How will your body change when you start training BJJ? This depends on why you are starting in the first place. This timeline will be different for every single person, but assuming that you are eating a relatively heathy diet, which remains unchanged and train a minimum of 3 times per week these are some of the things you can expect.
- First muscle gains – Did you get into this to get a little fitter and leaner, but instead you have gained a kilo or two? Initial muscle gain is the most noticeable, especially in women. In daily lives women tend to use their upper body very little, and when suddenly those and other muscles are put to extensive use in grappling class they are forced to adjust to the new circumstances. Thus small initial weight gain is nothing to worry about – you are just becoming stronger and your muscles develop as a result of exercise.

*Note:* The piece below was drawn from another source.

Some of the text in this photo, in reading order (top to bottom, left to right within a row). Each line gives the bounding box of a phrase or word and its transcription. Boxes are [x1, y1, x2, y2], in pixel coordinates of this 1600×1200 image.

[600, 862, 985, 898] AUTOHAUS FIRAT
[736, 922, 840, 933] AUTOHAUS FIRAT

- You feel happy – When the endorphins hit you after training, you will feel extremely happy, motivated and confident. This bodily response doesn’t just get you hooked on jiu jitsu, but is also what helps many people battle anxiety and depression with training. If you have ever wondered why jiu jitsu is jokingly referred to as therapy – this is why, the endorphin rush makes all your problems go away.
- The hunger – As your training will get more intense and as your body will learn to adapt to new circumstances, there will be some days when you’ll get the hunger. On these days, you will want to eat copious amounts of food and still fail to be satisfied. You’ll crave things of questionable nutritional value, but this is perfectly normal. Having a cheat meal on a hunger day will spare you lots of unnecessary guilt. Some sources claim the hunger is due to a compensatory response after days of higher energy expenditure, but that’s a topic for a whole new post.

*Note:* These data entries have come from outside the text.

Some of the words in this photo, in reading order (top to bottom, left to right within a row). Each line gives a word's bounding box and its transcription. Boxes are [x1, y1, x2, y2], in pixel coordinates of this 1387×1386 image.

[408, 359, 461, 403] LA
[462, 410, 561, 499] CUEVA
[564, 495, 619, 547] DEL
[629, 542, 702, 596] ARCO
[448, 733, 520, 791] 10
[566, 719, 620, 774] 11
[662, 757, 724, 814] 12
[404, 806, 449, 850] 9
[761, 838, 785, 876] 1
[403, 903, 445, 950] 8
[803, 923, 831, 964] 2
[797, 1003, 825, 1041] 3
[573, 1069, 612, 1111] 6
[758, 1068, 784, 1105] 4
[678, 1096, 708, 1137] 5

- Larger arms & shoulders – I bought a beautiful and a very expensive dress once. Then I started training Thai boxing. Six months later my arms became too big and shoulders too wide to fit into the single most expensive item of clothing I owned. Oh well, it was worth it! After the first half a year of regular training this is usually the single most visible change in your body and a great proof of your hard work and progress.
- Body proportions – the best side effect of muscle gain is the improvement in your body shape. Regardless of your weight and size, an increase in muscle mass all over your body will tone your figure. Your thighs will seem more sucked-in, your bum shapelier and your now wider shoulders will make your waist more distinctive. The awareness of having achieved this yourself is an amazing confidence booster.
6 months – 1 year
- You’ll gain even more muscle mass
- Small injuries – As good as jiu jitsu is for you, it puts a strain on your body and it is important to recognise this in order to avoid serious injuries. Stretching is a single most effective way of preventing contusions. Tight muscles are very easy to hurt and that is why stretching before class is more beneficial than after. Start simple – alongside specific exercises Yoga for BJJ is my go-to when my body feels stiff and damaged. If you do not want to pay for membership, these guys have many free videos on YouTube. If you are starved for time there are some 10-min-long ones, which still work wonders. Try it for a week and get your mind blown.

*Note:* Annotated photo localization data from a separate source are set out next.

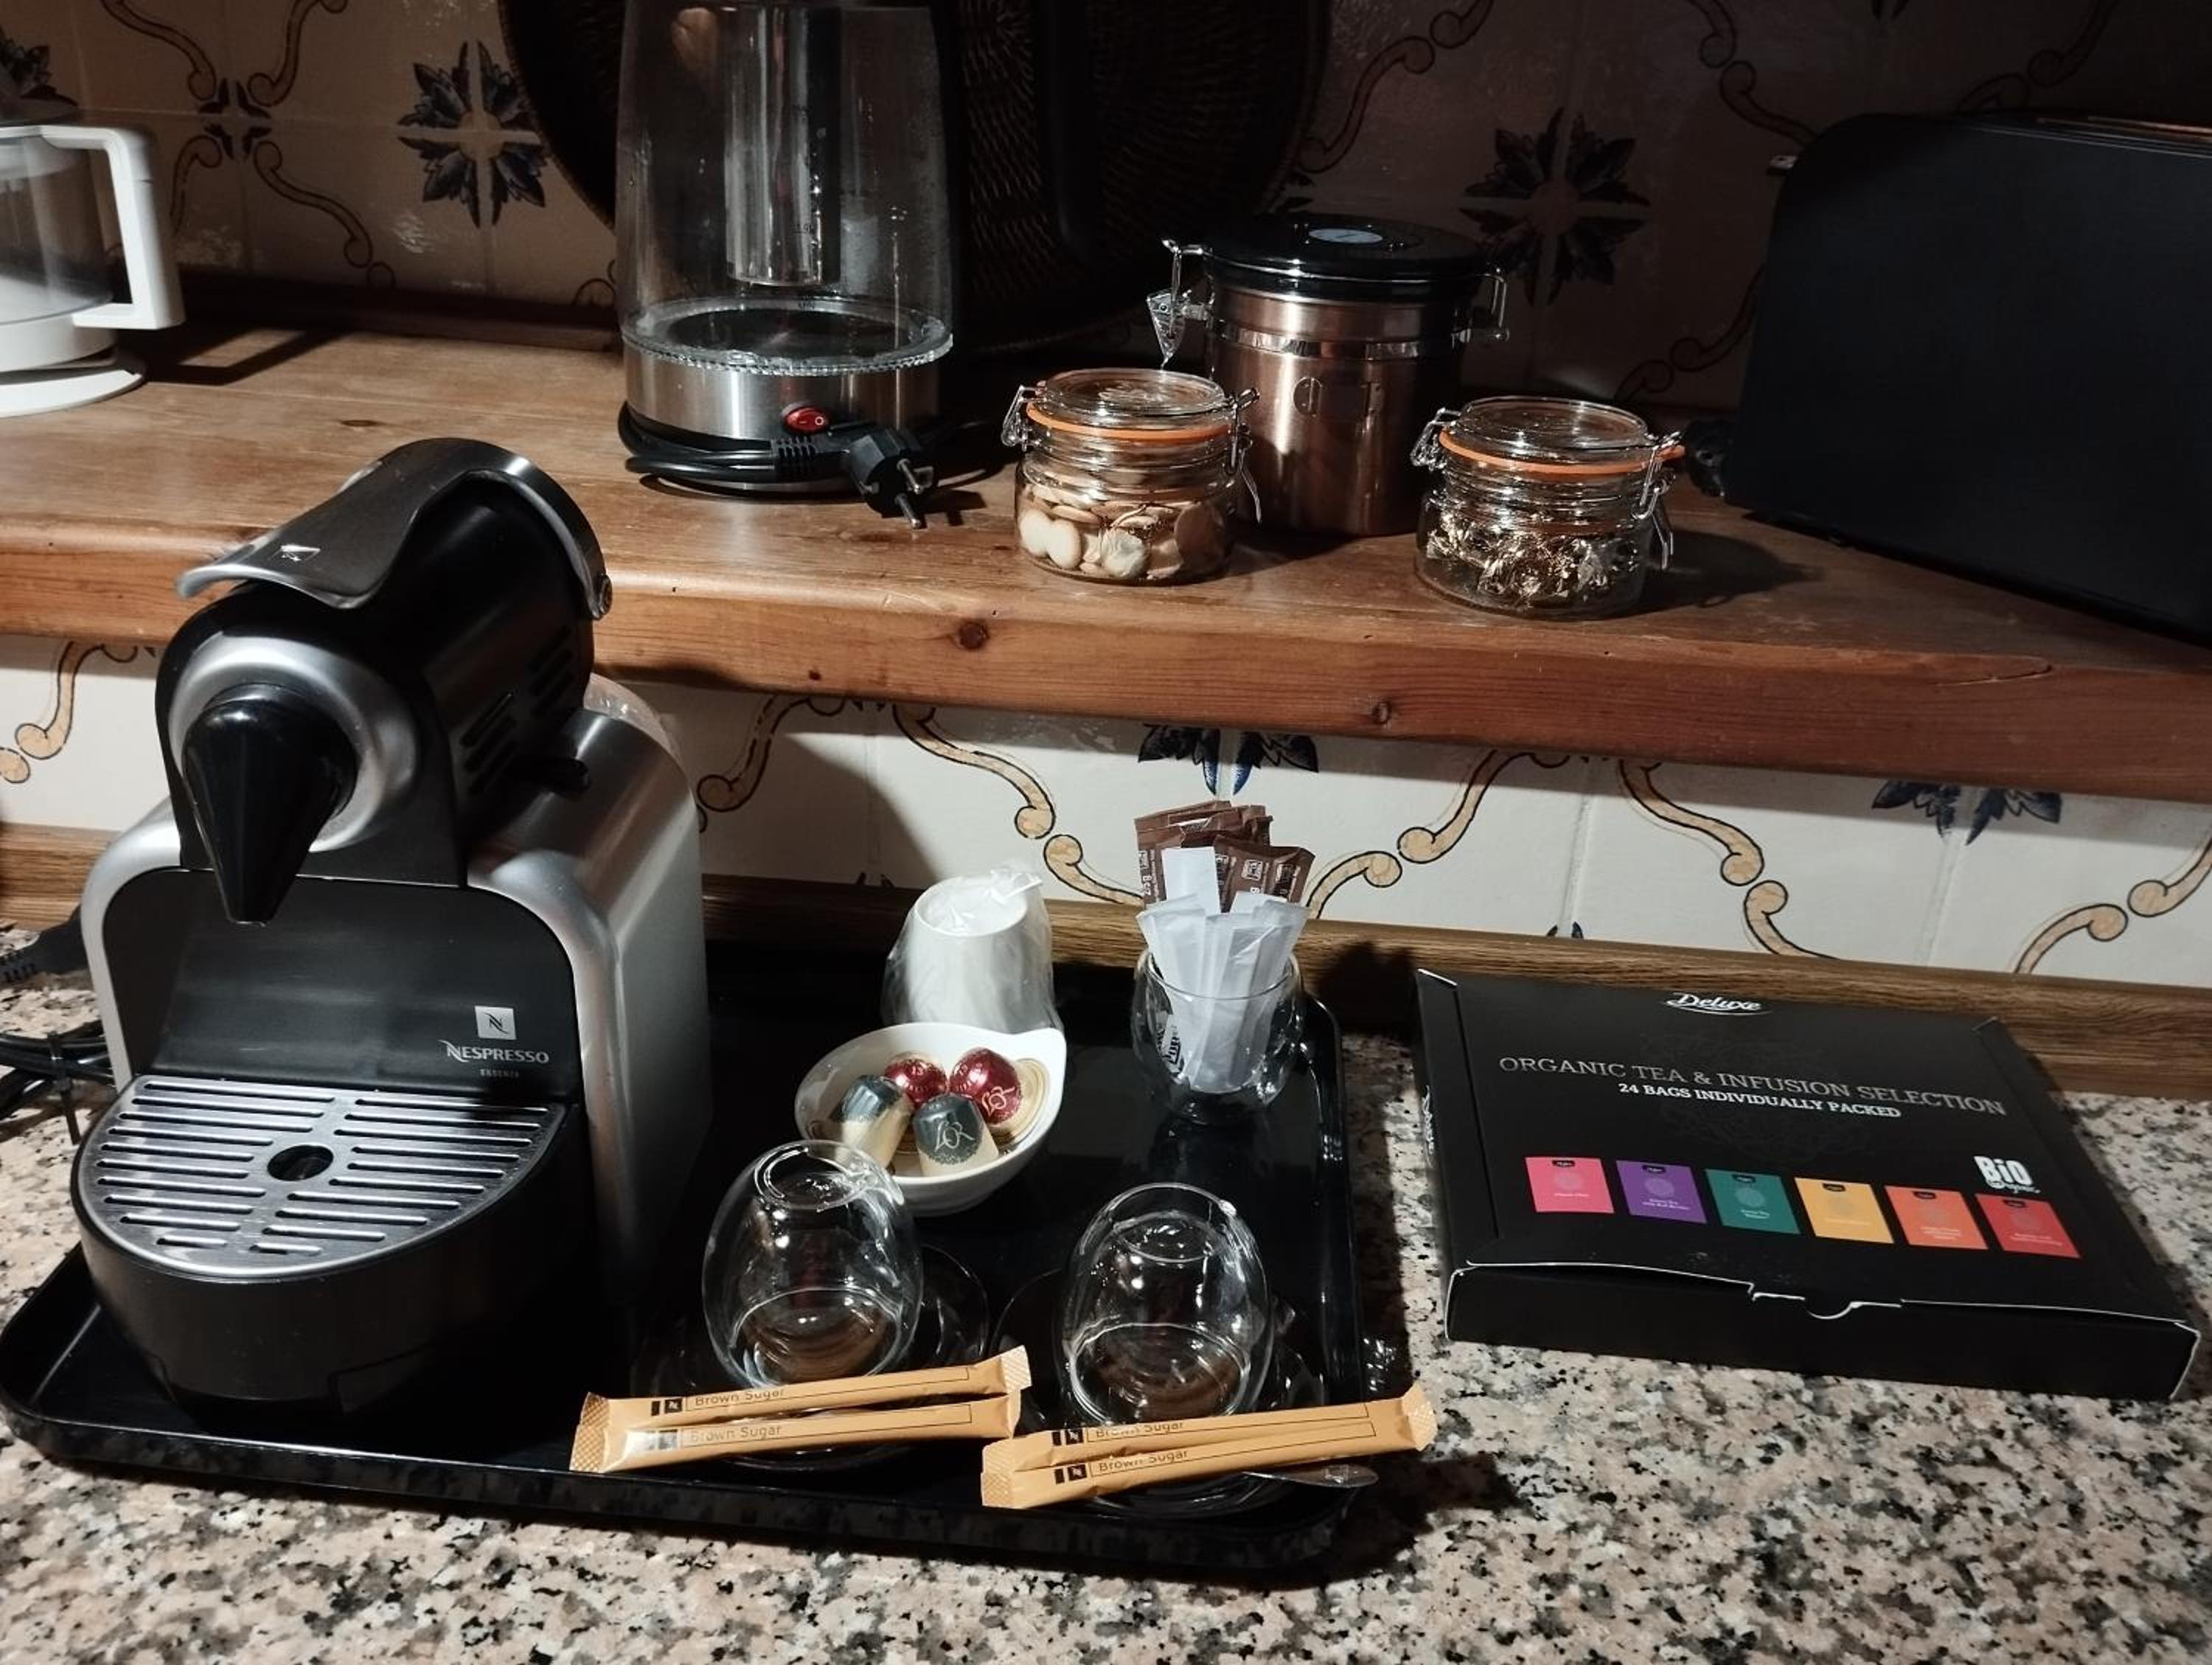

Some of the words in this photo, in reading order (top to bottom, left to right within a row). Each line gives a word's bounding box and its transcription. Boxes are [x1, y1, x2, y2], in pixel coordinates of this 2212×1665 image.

[1666, 992, 1762, 1012] Deluxe
[438, 1039, 549, 1063] NESPRESSO
[1499, 1057, 1627, 1077] ORGANIC
[1632, 1065, 1688, 1083] TEA
[1694, 1071, 1713, 1085] &
[1717, 1072, 1849, 1097] INFUSION
[1857, 1085, 2007, 1116] SELECTION
[1618, 1083, 1639, 1094] 24
[1643, 1085, 1691, 1098] BAGS
[1694, 1089, 1823, 1110] INDIVIDUALLY
[1826, 1101, 1902, 1118] PACKED
[695, 1393, 740, 1406] Brown
[745, 1388, 786, 1402] Sugar
[740, 1425, 782, 1439] Sugar

- Nutrient cravings – Sooner or later you will start noticing that you’ll crave strange products at random times. They’ll vary from vegetables to dark chocolate or even beer. If you haven’t already started adjusting your diet you may want to start thinking about it now. Since you’re exerting yourself in training a couple of times a week or more, you’ll need to make sure that you’re eating or supplementing all the nutrients necessary for recovery, injury prevention and maintaining good health. Craving seemingly random things is a sign that you need to start addressing your body’s needs. Reliable health blogs or Anita Bean’s The Complete Guide to Sports Nutrition is a great place to start.
1 year and longer
- Will I get a six pack? – Your diet – both how much you eat and what you eat, your level of physical activity and its type – jiu jitsu, heavy weights, cardio and a few other factors such as quality of sleep and levels of stress in your everyday life affect your body fat percentage. If it’s low, your abs will be more visible. Most people who train regularly and lead relatively healthy lifestyles will see the outline, which will make them appear very athletic, but their abs will not be as defined a bodybuilder’s would be. It is also important to remember that very low body fat percentages can be dangerous for women.
One of the great things about jiu jitsu, and you’ll surely notice this with time, is that if you stick with it your body will become shapely and powerful. Which is always nice, even if your game sucks!